Gnocco con jamu00f3n de Parma en Antica Mokka de Modena

Gnocco con jamón de Parma en Antica Mokka de Modena


     Existen otras denominaciones de origen íntimamente ligadas a Emilia-Romagna como la del vinagre balsámico tradicional de Módena, que se realiza de forma artesanal desde generaciones. Módena, junto a Parma, es otra de las grandes ciudades y zonas de renombre agroalimentarias de esta parte de Italia.

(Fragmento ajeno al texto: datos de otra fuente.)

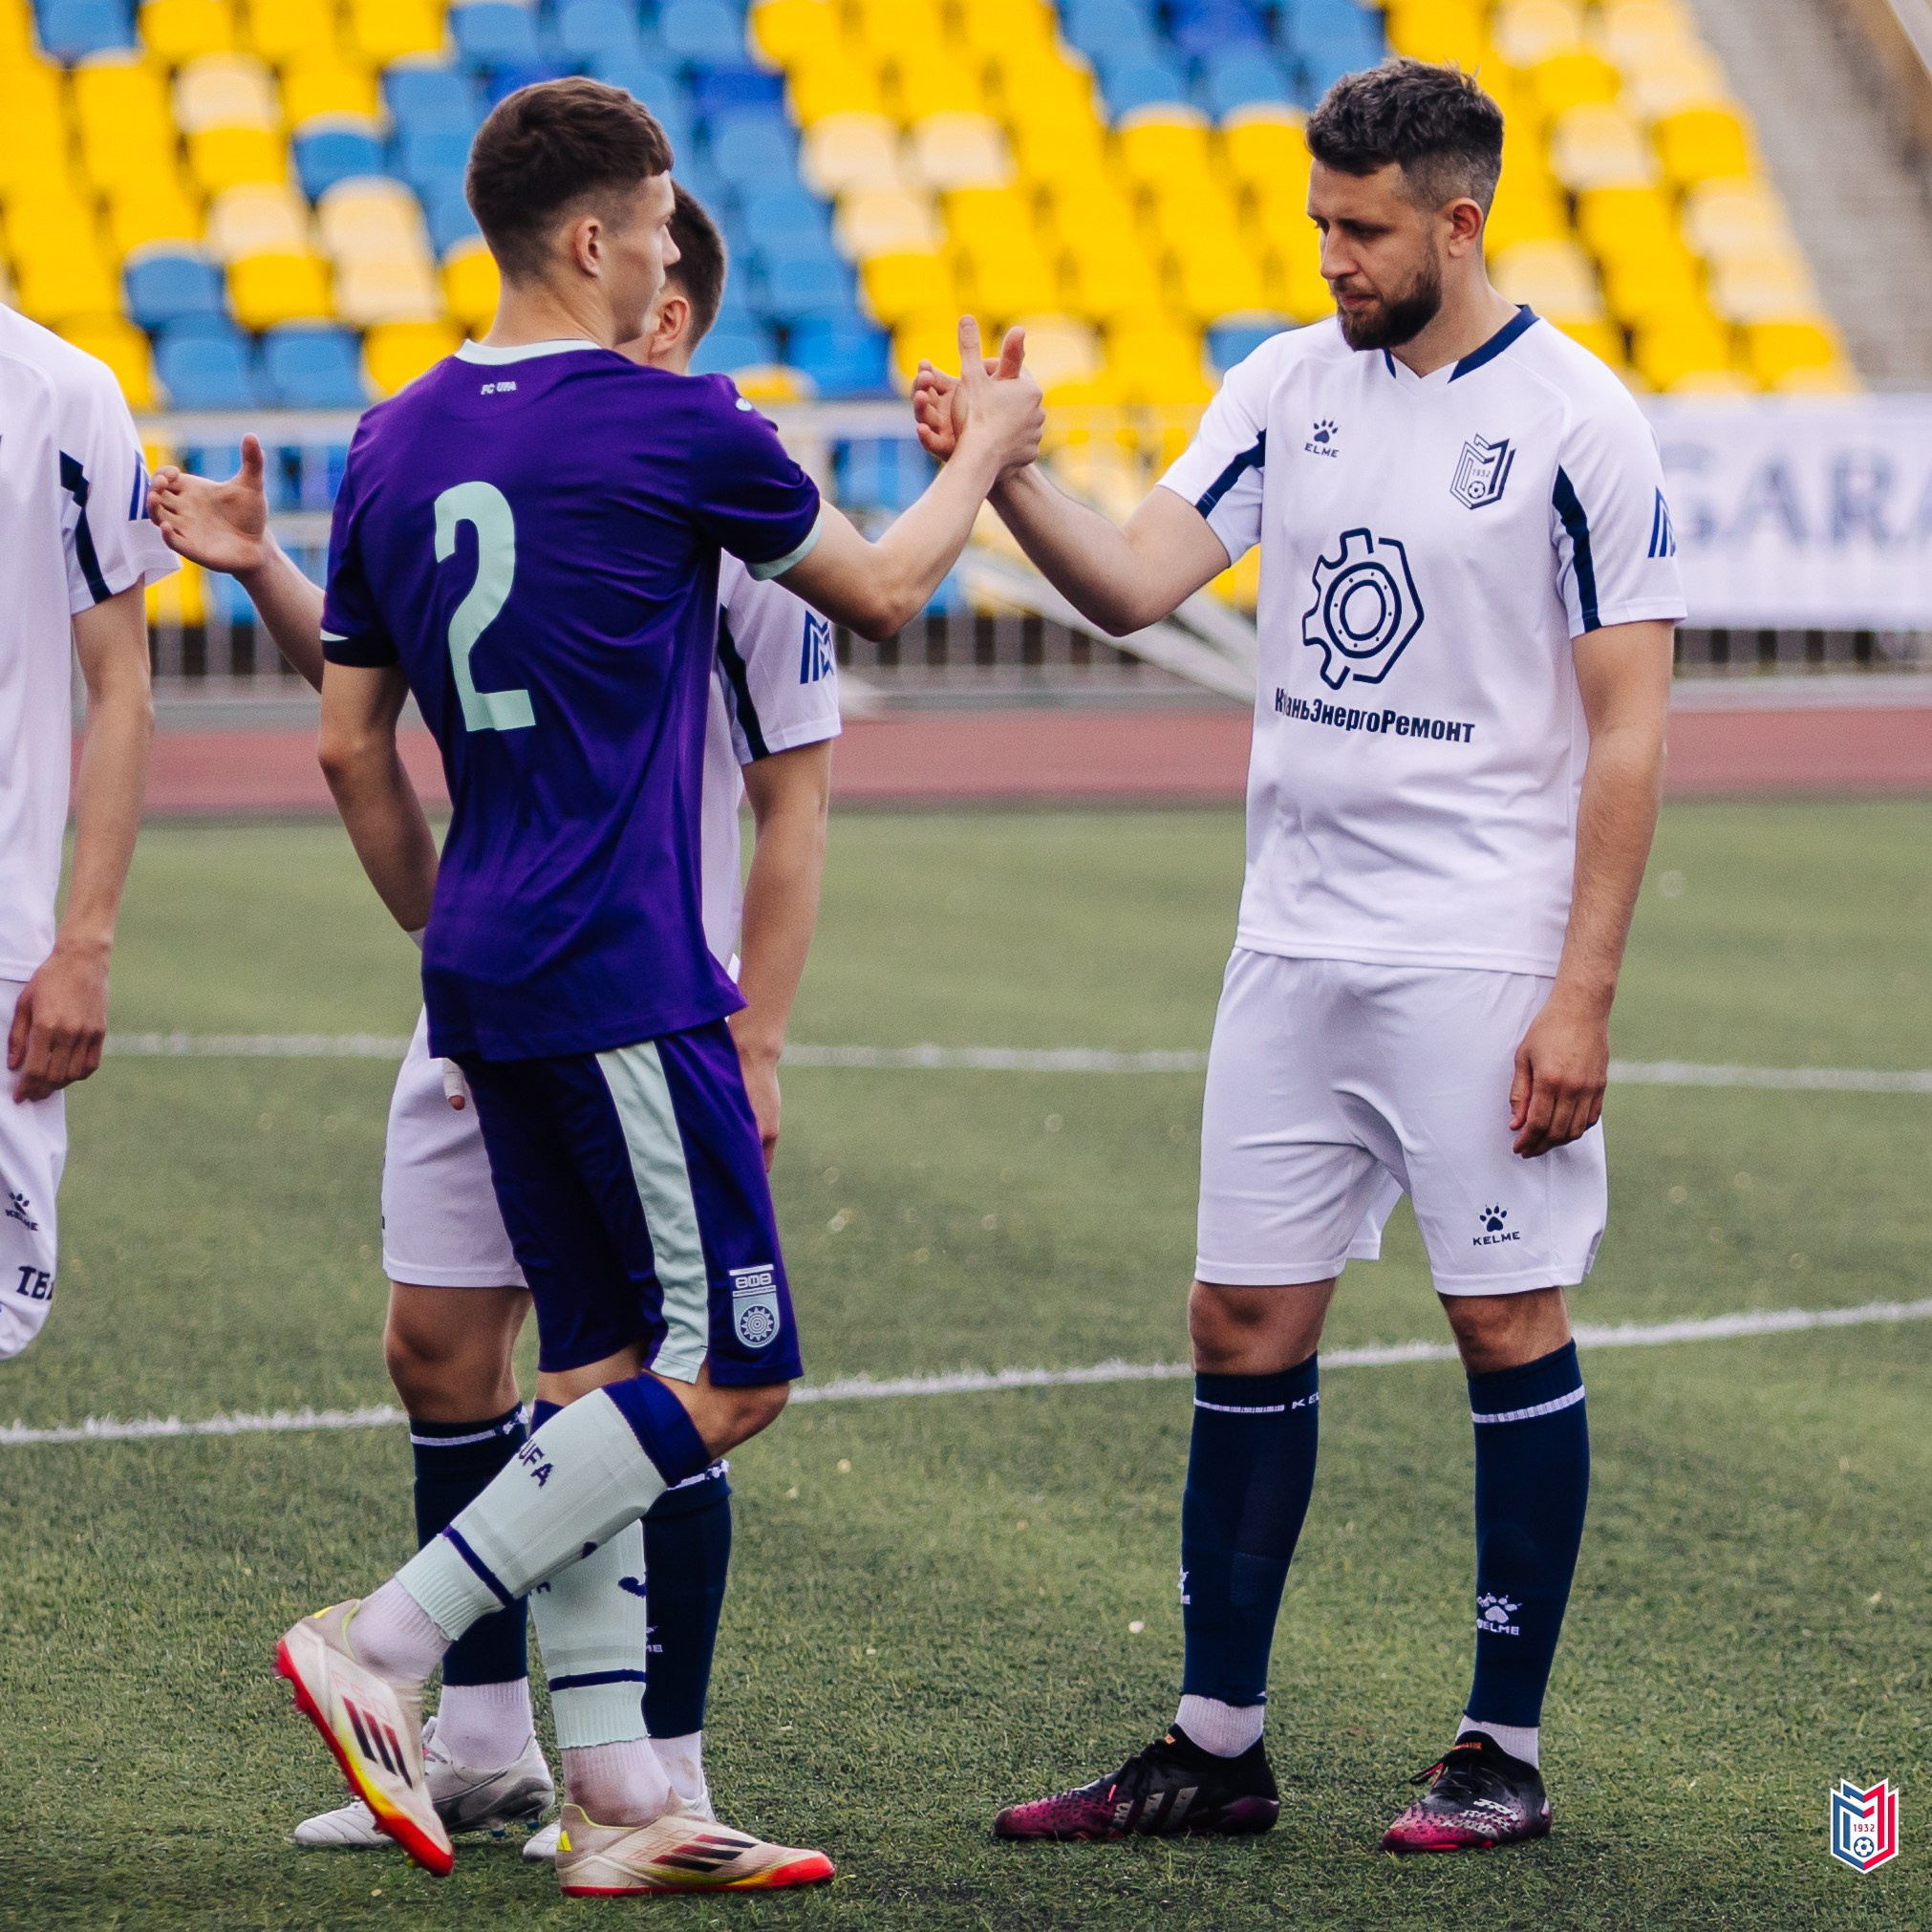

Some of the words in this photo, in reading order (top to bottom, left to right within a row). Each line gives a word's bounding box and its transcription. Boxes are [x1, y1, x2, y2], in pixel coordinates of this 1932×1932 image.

[1303, 442, 1340, 458] ELME
[1658, 441, 1932, 548] GAR
[434, 481, 536, 732] 2
[1275, 687, 1475, 743] КаньЭнергоРемонт
[1472, 1231, 1520, 1246] KELME

     Además, Emilia-Romagna tiene muchos viñedos que producen grandes vinos de calidad, entre los que destacaría el famoso Lambrusco, con sus características de “frizzante” (espumoso).


     Recorramos un poco algunos de estos productos que destilan, casi siempre en pequeñas empresas familiares, pasión por las cosas bien hechas, tradición y autenticidad.

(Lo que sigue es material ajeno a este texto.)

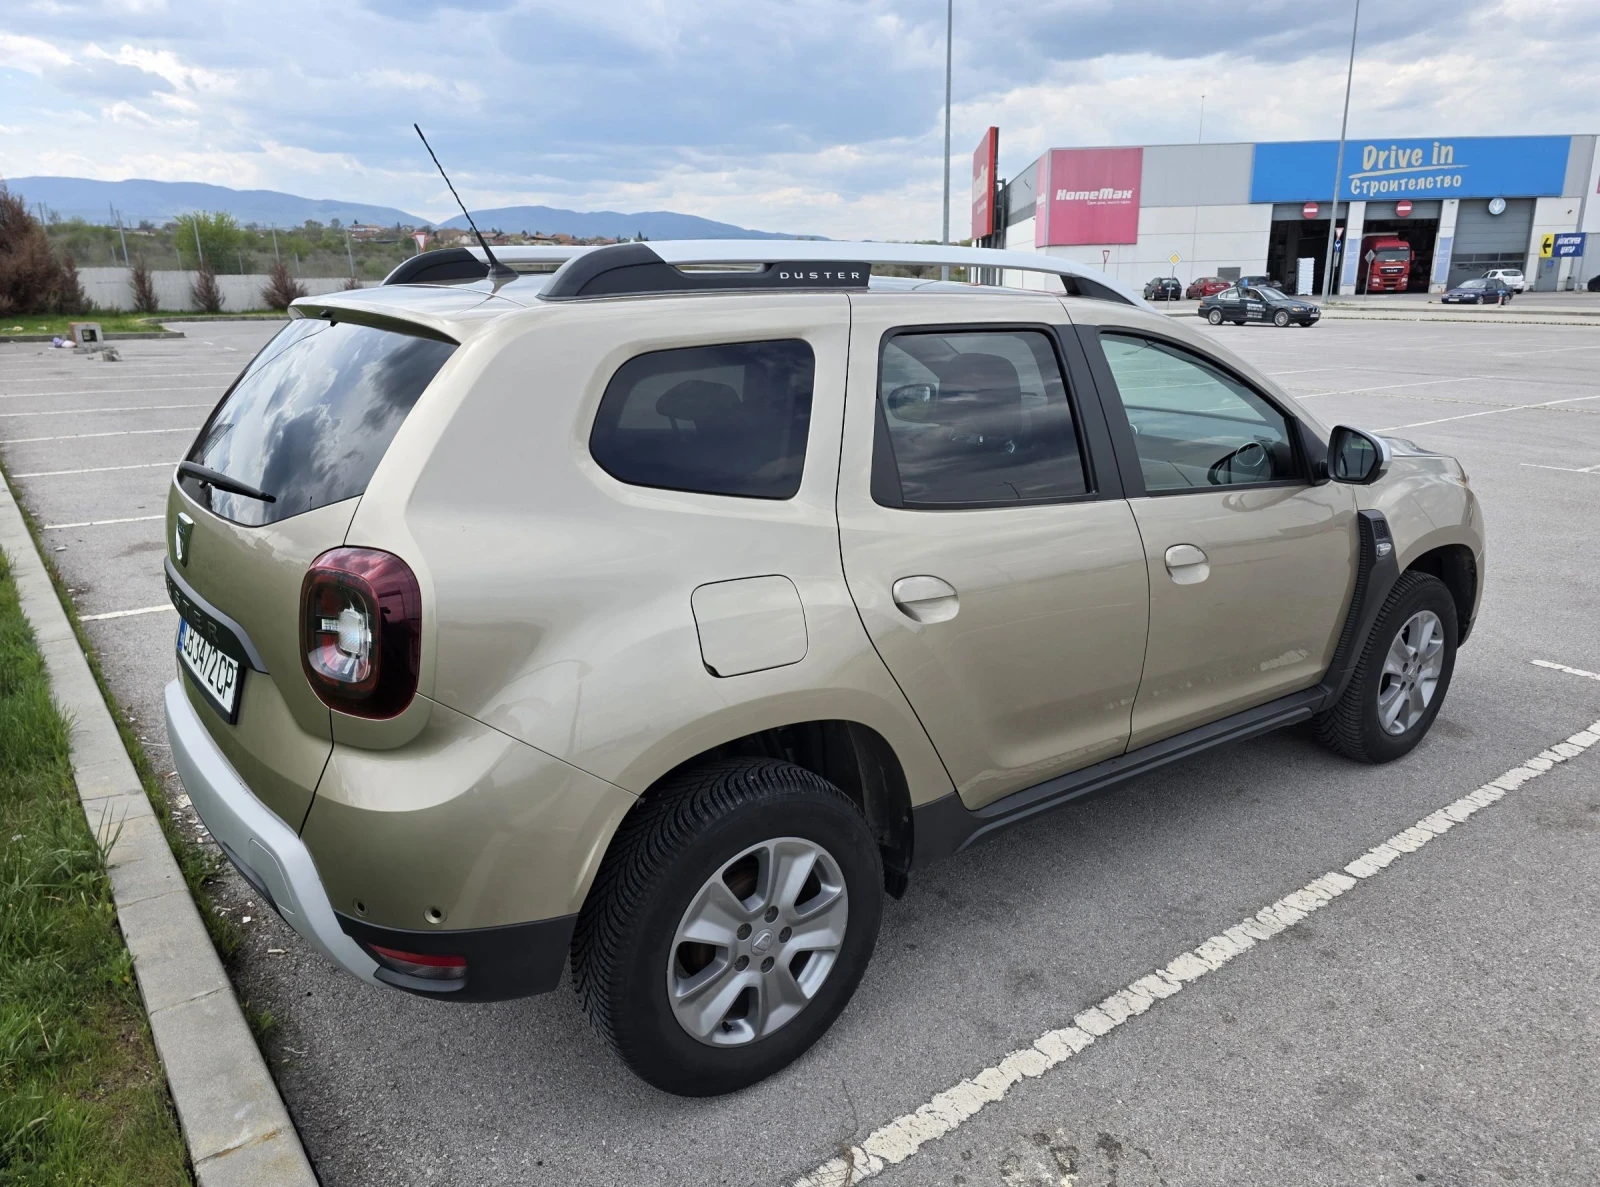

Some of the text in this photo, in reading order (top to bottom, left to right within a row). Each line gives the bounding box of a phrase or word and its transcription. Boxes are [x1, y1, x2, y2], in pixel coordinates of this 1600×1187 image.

[1362, 141, 1454, 170] Drive in
[1056, 187, 1133, 201] HomeMax
[1350, 175, 1462, 197] Строителство
[779, 271, 860, 279] DUSTER

  • Vinagre balsámico tradicional de Módena D.O.P.


      El vinagre balsámico de Módena (aceto balsámico, en italiano) es uno de los productos con más solera de esta zona. Para entender lo que es y cómo se elabora, lo más recomendable es visitar una “acetaia” (vinagrería). En Módena las hay numerosas.

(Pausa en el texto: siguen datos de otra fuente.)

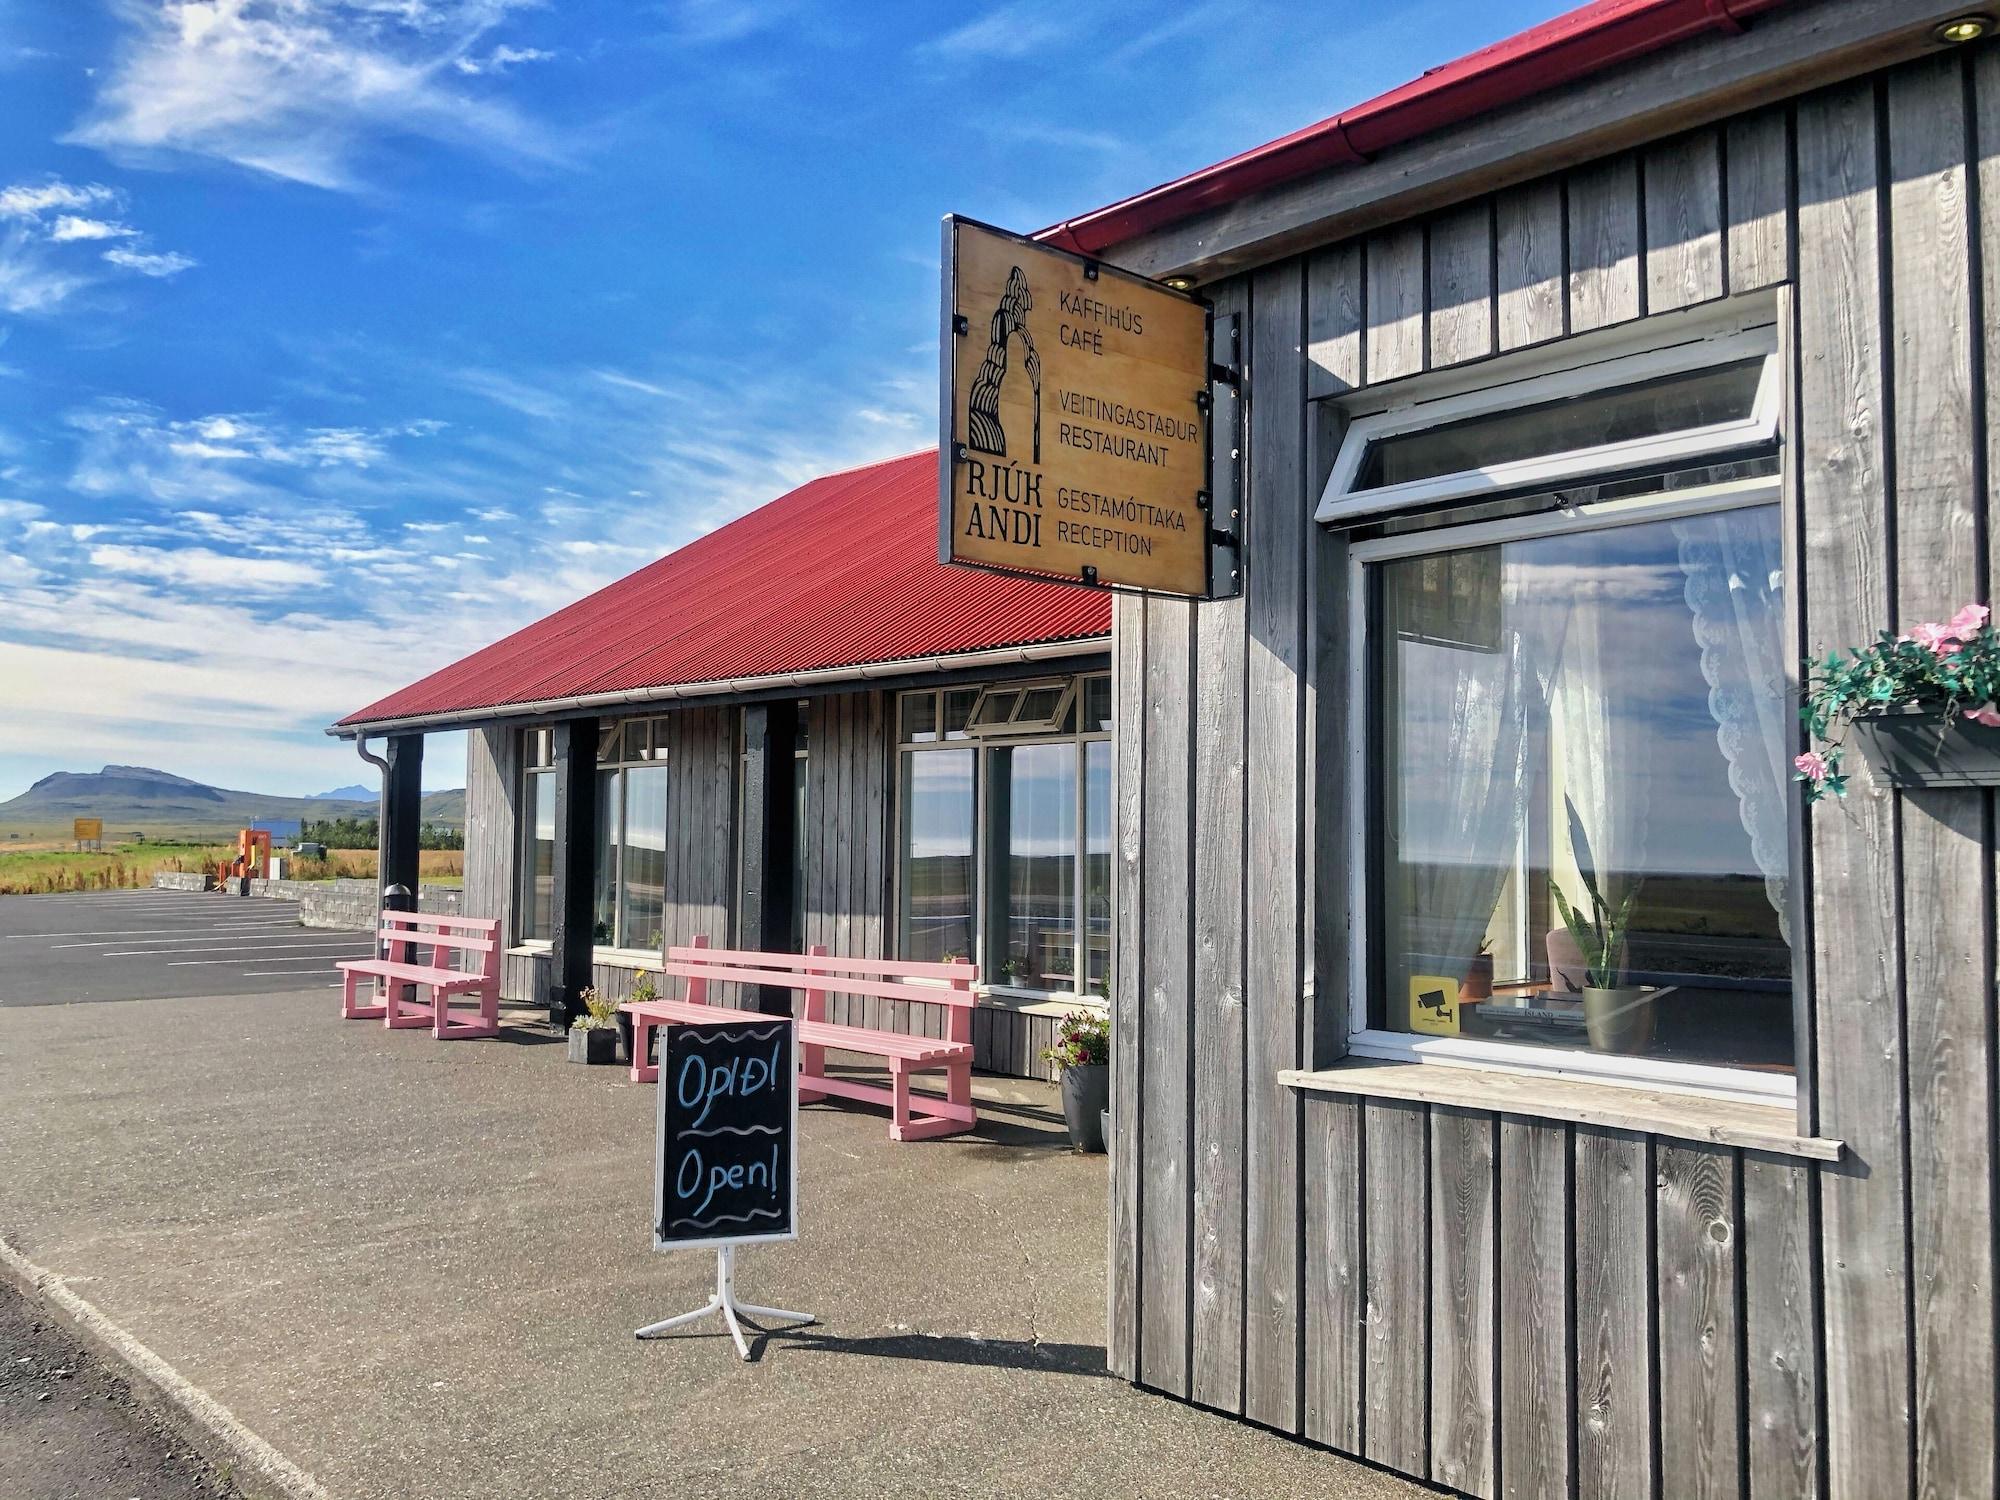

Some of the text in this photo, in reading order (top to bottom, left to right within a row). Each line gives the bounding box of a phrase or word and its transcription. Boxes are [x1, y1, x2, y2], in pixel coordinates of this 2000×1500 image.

[1060, 291, 1143, 335] KAFFIHÚS
[1060, 325, 1103, 356] CAFÉ
[1059, 389, 1198, 444] VEITINGASTAÐUR
[1060, 423, 1169, 468] RESTAURANT
[966, 459, 1043, 508] RJÚK
[965, 502, 1042, 548] ANDI
[1058, 487, 1186, 532] GESTAMÓTTAKA
[1058, 520, 1151, 557] RECEPTION
[677, 1143, 780, 1217] Open!

     La Acetaia di Giorgio (https://www.acetaiadigiorgio.it/) es una de las más interesantes y bonitas. Esta empresa, familiar y artesanal, lleva tres generaciones produciendo vinagre balsámico en su preciosa villa, a las afueras de Módena. Aquí, viven sus dueños, Giorgio Bardieri y su mujer Giovanna, donde elaboran junto a su yerno, el preciado producto. Como bien dice, Giovanna, “esto es una religión para nosotros”. Y, lo demuestran, en el mimo que le ponen a todo este artesanal proceso que da vida a un producto que, antaño, se usaba como medicamento para la digestión. Hoy, es un elemento imprescindible para la cocina y la buena gastronomía, acompañando verduras, pastas, carnes, frutas…


Acetaia en Modena

Acetaia en Modena


     En la magnífica villa, en el ático, reposa el delicioso líquido en toneles de diferentes tamaños y tipos de madera. Cada año, la Acetaia di Giorgio produce 4000 botellas. El vinagre balsámico de Módena D.O.P. se diferencia del industrial porque éste es como vinagre de vino, llevando azúcar y caramelo, mientras que el auténtico tiene una gran calidad (su denominación de origen es lo que garantiza esta excelencia) y es 100% artesanal, elaborado solo con mosto de uva.  Esta última tiene que provenir de la provincia de Módena, o sea cerca de la vinagrería, y estar certificada (al estar en la D.O.P.). Se suele usar la uva de Lambrusco y la de Trebbiano (blanca).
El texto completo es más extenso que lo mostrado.